To those who have never experienced an authentic Italian cuisine, the food of Italy means pizza, spaghetti, ravioli, pasta parmigiana, and minestrone—the plates that are most commonly served in restaurants and homes in other parts of the world. Italian cooking is as diverse as the places of Italy itself, which extend from the snow capped Alps of northern Italy to the deep blue waters of Sicily’s Mediterranean coast. There are a variety of popular dishes each unique to people and places that they come from. In the north there are the bagna cauda (a garlicky sauce) of piedmont, risotto (saffron-flavored rice) of Milan, fegati alla Veneziana (wafer-thin slices of liver with onions) of Venice, pesto (a sauce of basil, pine nuts, and oil) of Genoa, tortellini (meat or cheese stuffed in little rounds of dough) of Bologna, and fagiolo all’uccelletto (tomato and sage cooked together with beans) of Tuscany. Dishes characteristic of central Italy include the abacchio al fomo (roast lamb flavored with rosemary) of Rome and the sfogliatelle (shell-shaped pastries) of Naples. Dishes that are common to the south such as Calabria, include the tiella (a macaroni casserole of vegetable). The people of Sicily enjoy maccheroni con le sarde (macaroni with fresh sardine sauce), and Sadinians favor a fish soup called buridda.
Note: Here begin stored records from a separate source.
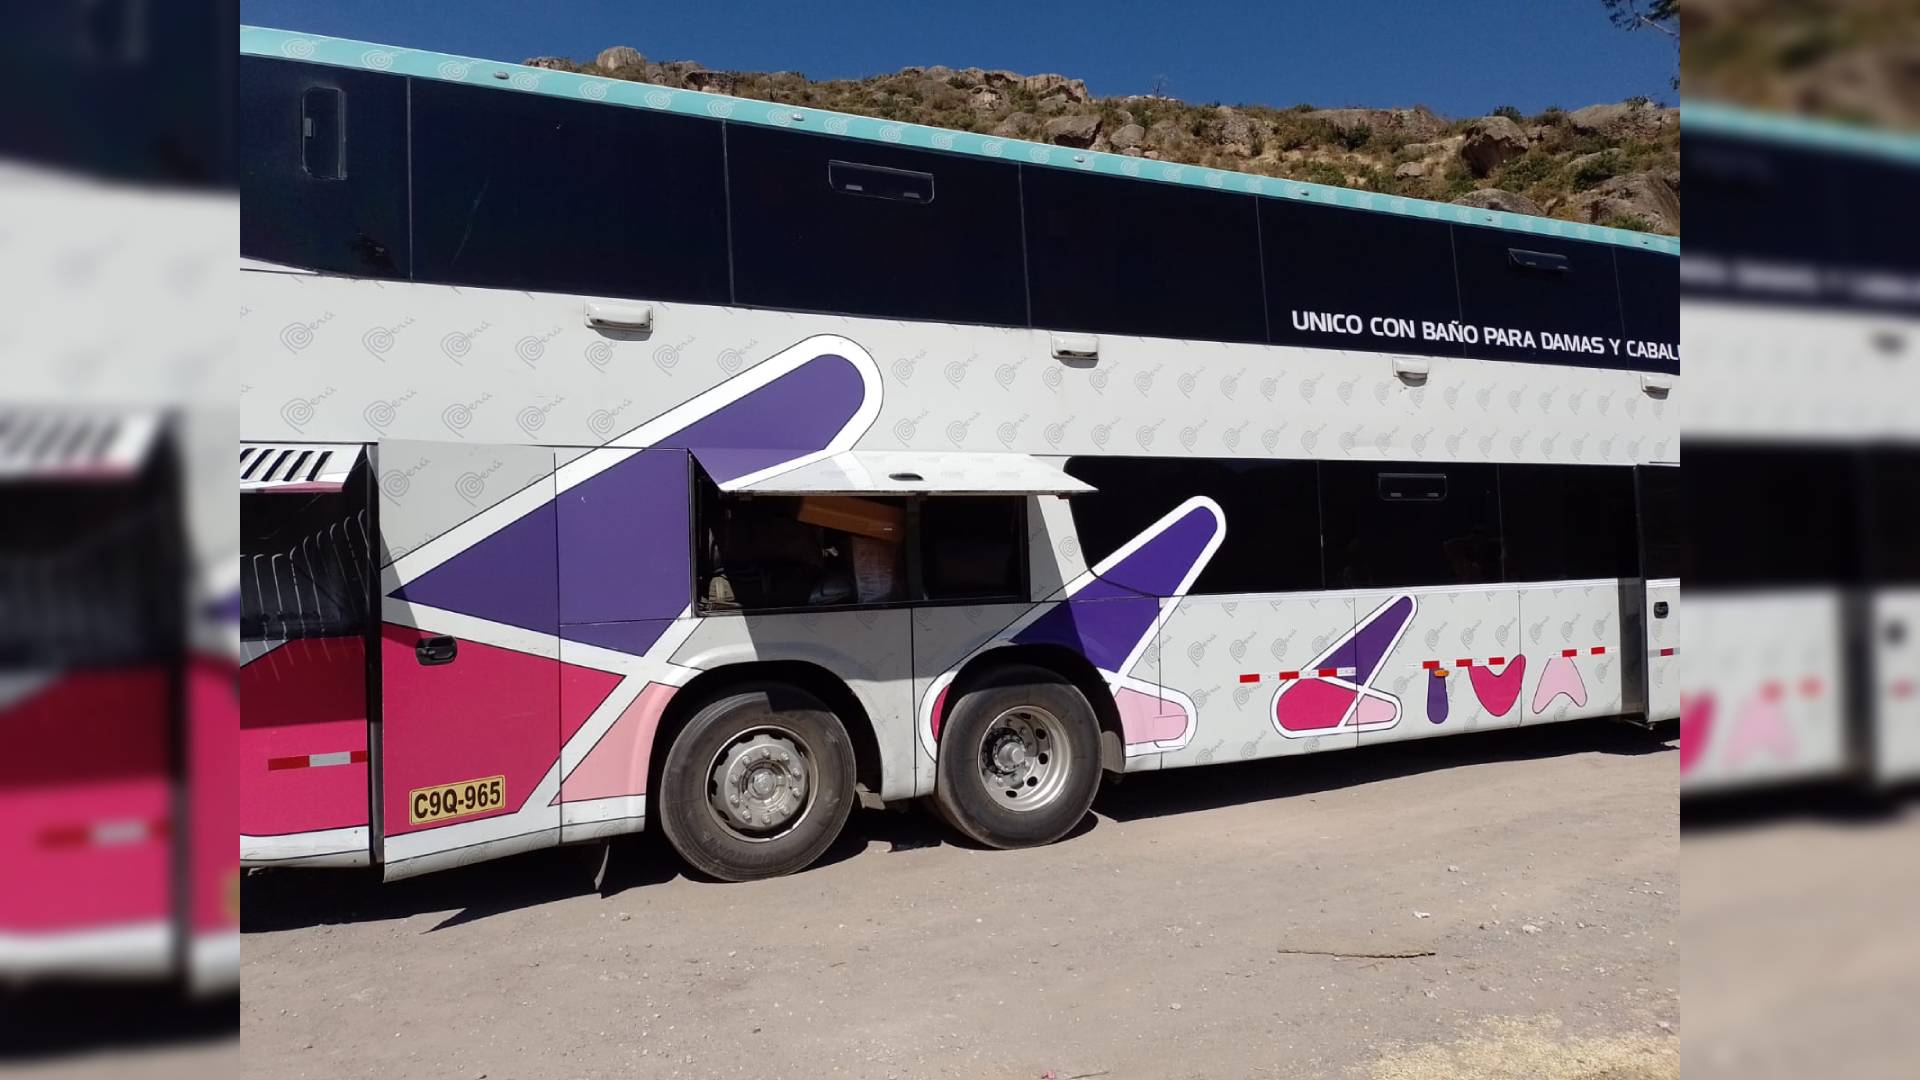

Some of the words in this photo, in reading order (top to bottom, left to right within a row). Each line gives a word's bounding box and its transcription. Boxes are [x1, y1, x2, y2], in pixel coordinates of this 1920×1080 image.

[1292, 310, 1363, 335] UNICO
[1370, 317, 1416, 339] CON
[1421, 320, 1479, 344] BAÑO
[1483, 326, 1537, 349] PARA
[1540, 332, 1605, 355] DAMAS
[1608, 338, 1621, 356] Y
[414, 781, 501, 819] C9Q-965
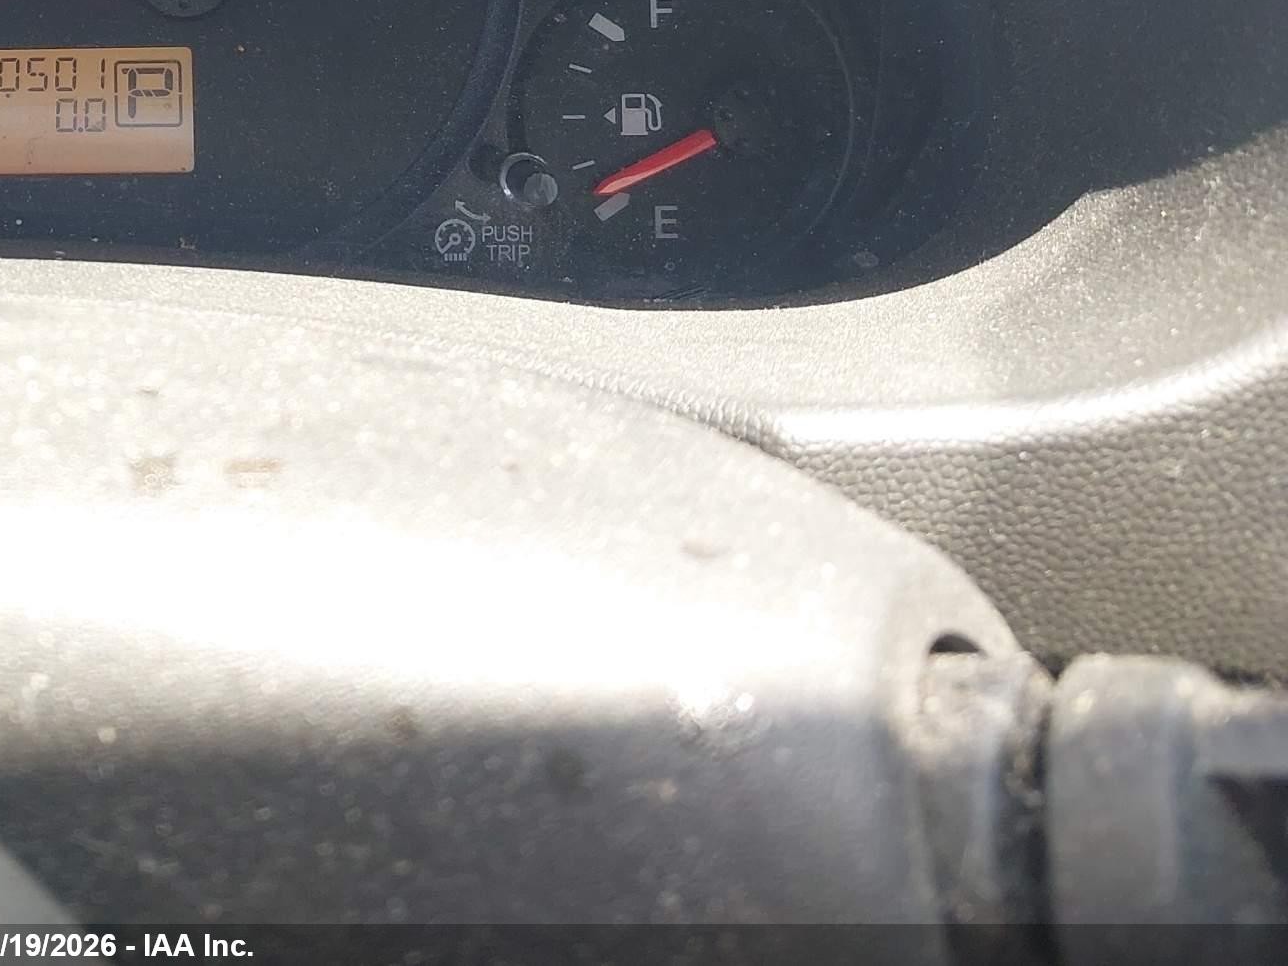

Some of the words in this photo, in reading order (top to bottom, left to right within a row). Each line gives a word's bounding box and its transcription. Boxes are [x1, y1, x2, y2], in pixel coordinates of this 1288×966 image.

[121, 66, 174, 119] P
[55, 97, 107, 133] 0.0
[481, 224, 533, 244] PUSH
[654, 205, 679, 240] E
[486, 243, 531, 263] TRIP
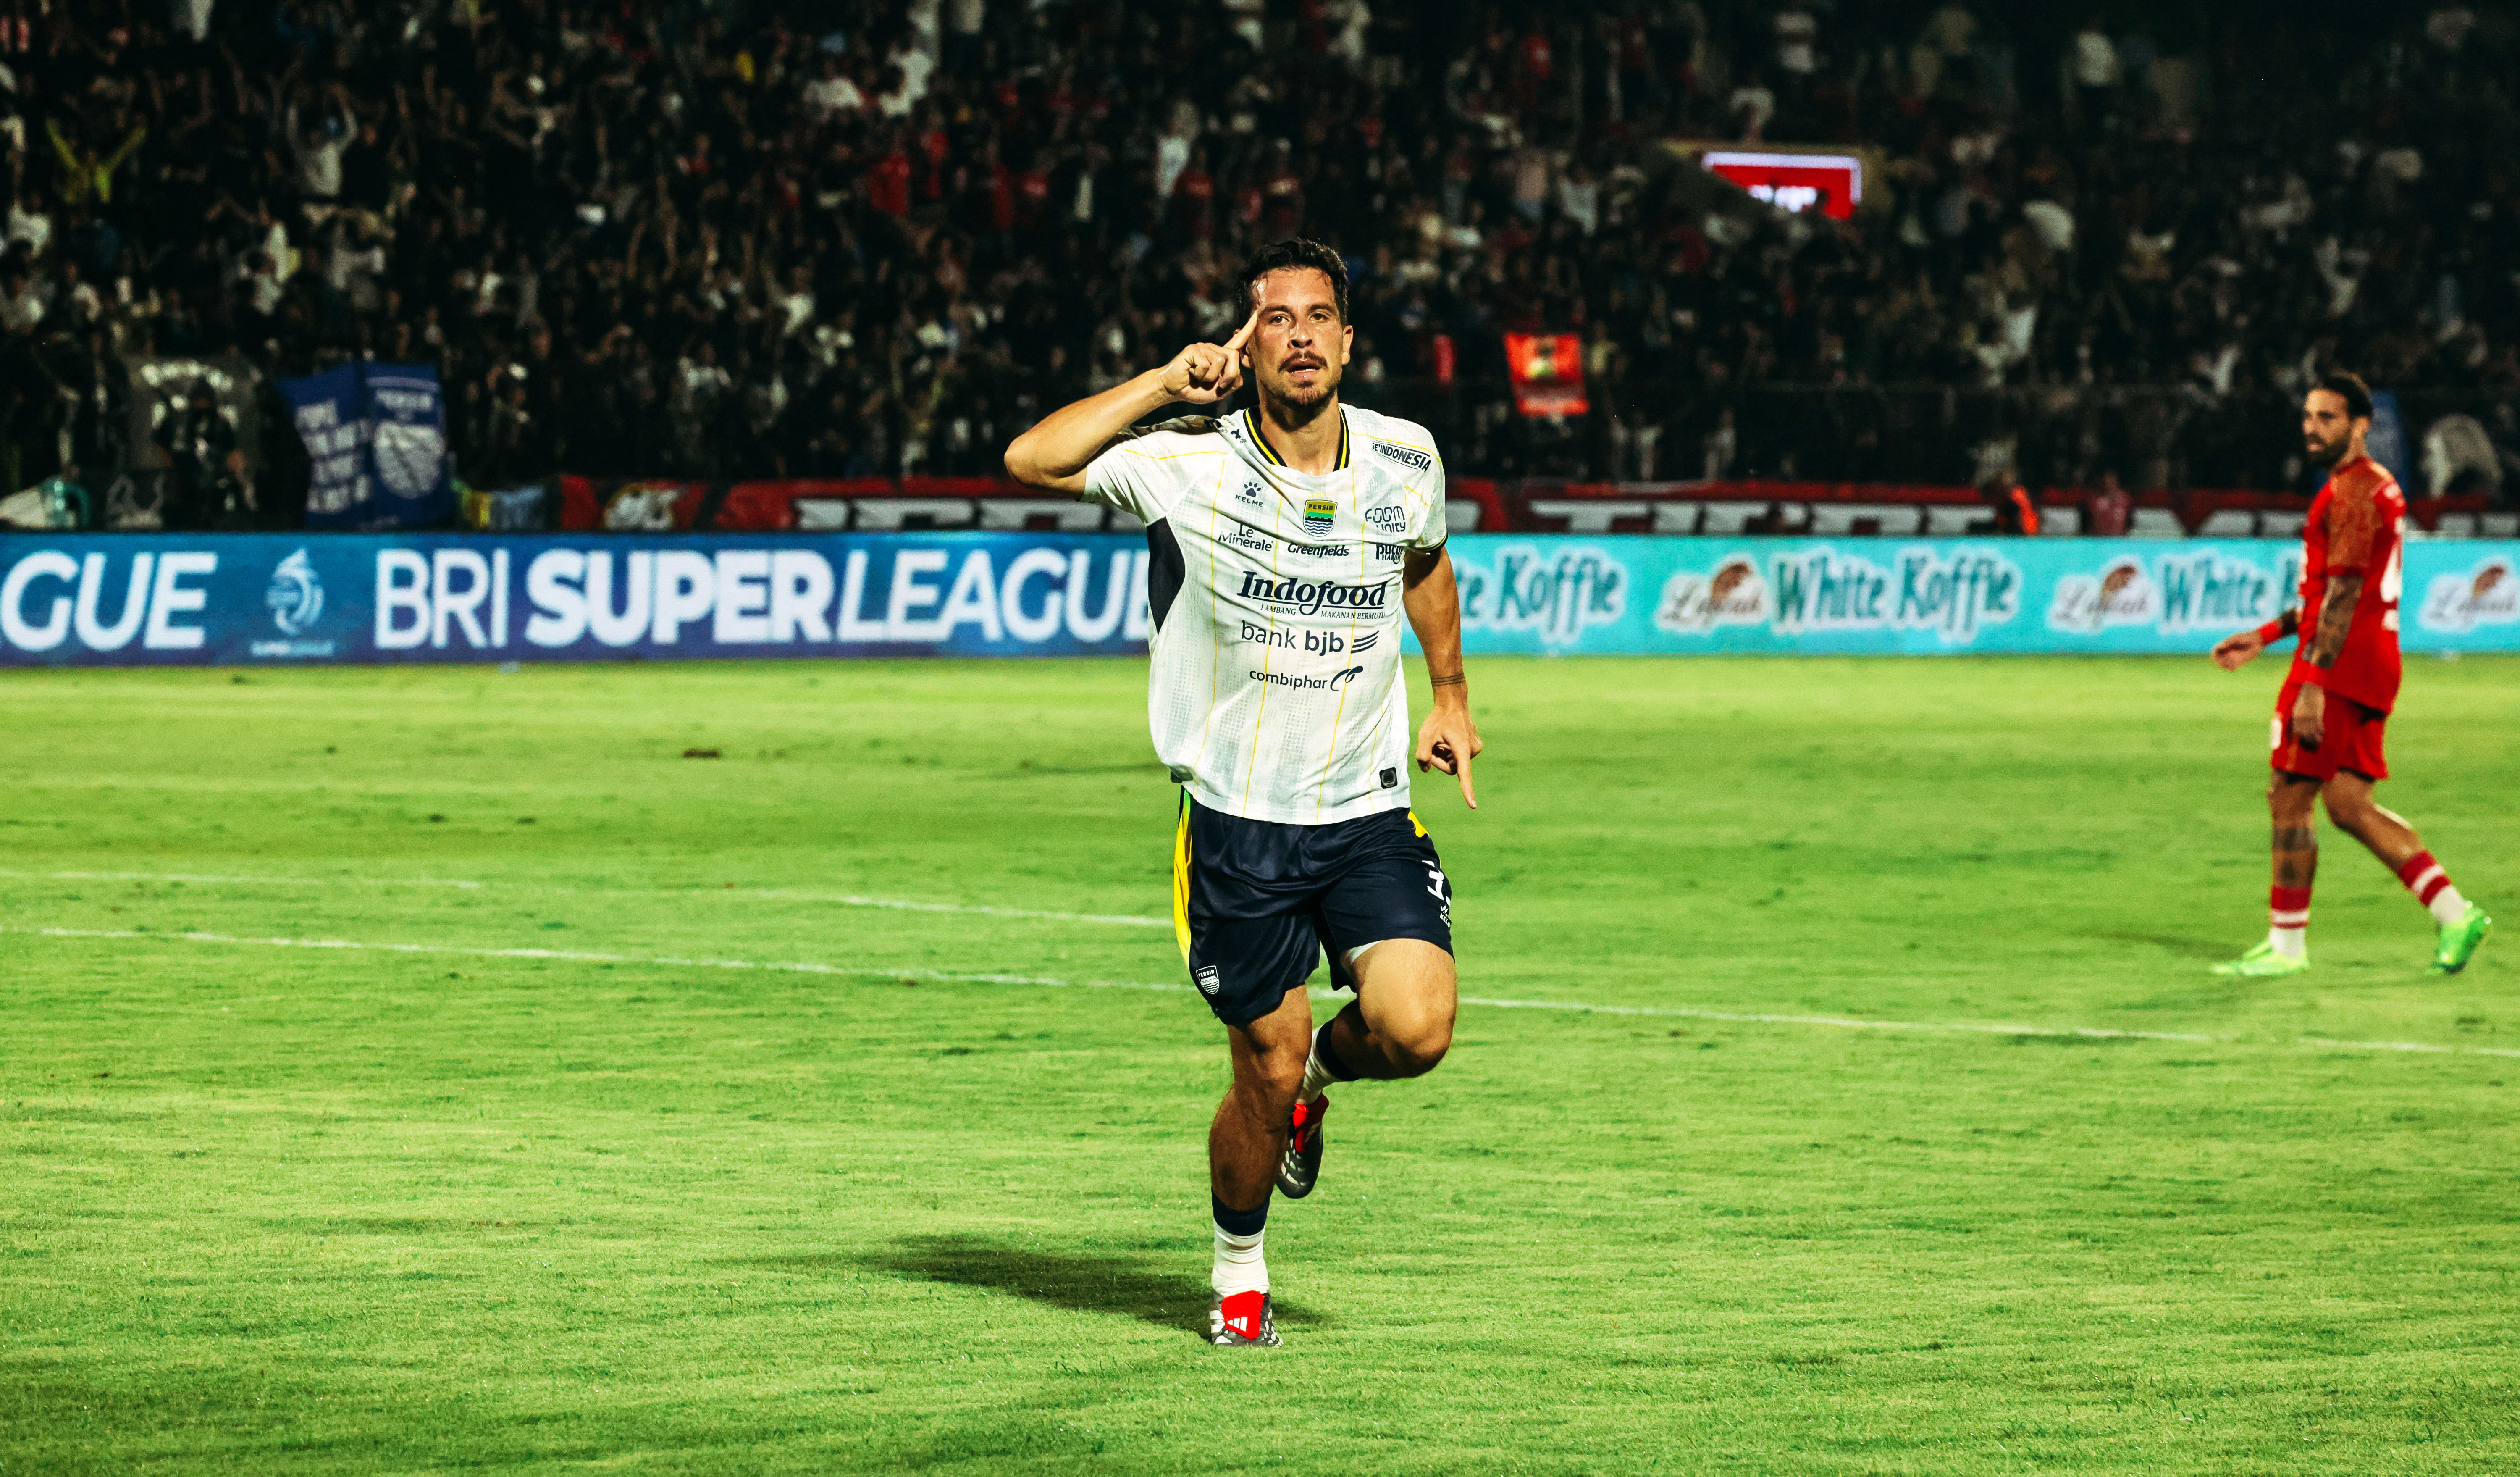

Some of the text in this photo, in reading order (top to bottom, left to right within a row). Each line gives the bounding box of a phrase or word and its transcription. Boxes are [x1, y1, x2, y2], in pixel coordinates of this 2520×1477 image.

[1372, 442, 1431, 473] SE'INDONESIA
[1235, 494, 1263, 507] KELME
[1239, 523, 1254, 538] Le
[1218, 531, 1272, 552] Minerale
[1287, 542, 1349, 558] Greenfields
[375, 549, 509, 648] BRI
[524, 547, 835, 647] SUPER
[1237, 571, 1388, 615] Indofood
[1260, 604, 1296, 615] LAMBANG
[1321, 610, 1356, 619] MAKANAN
[1242, 620, 1344, 656] bank bjb
[1250, 670, 1328, 690] combiphar
[1440, 913, 1451, 930] KELM
[1198, 969, 1215, 978] PERSIB
The fat used in the preparation of an Italian cookery, either butter or olive oil determines the elementary flavor of the food—extra virgin olive oil is a healthy alternative. In the south the weather is warmer and the people are poorer, but this is where olive trees thrive and cooking is mostly flavored with olive oil. But in Rome on the other had, pork fat is the most common additive.

Thriftiness and simplicity, two common characteristics of Italian cooking—‘a little can be made to go a long way’. Italy’s main staples are just that, inexpensive yet tasty, rice and spaghetti can make a filling dish to which only a smidgen of the more costly ingredients, such as fish can be added. Thick delicious soups made of scraps of meat, from fish and seafood, and from biennial herbs such as carrots and other vegetables, eaten with a sprinkle of graded cheese and fresh bread, to make a rewarding and inexpensive meal.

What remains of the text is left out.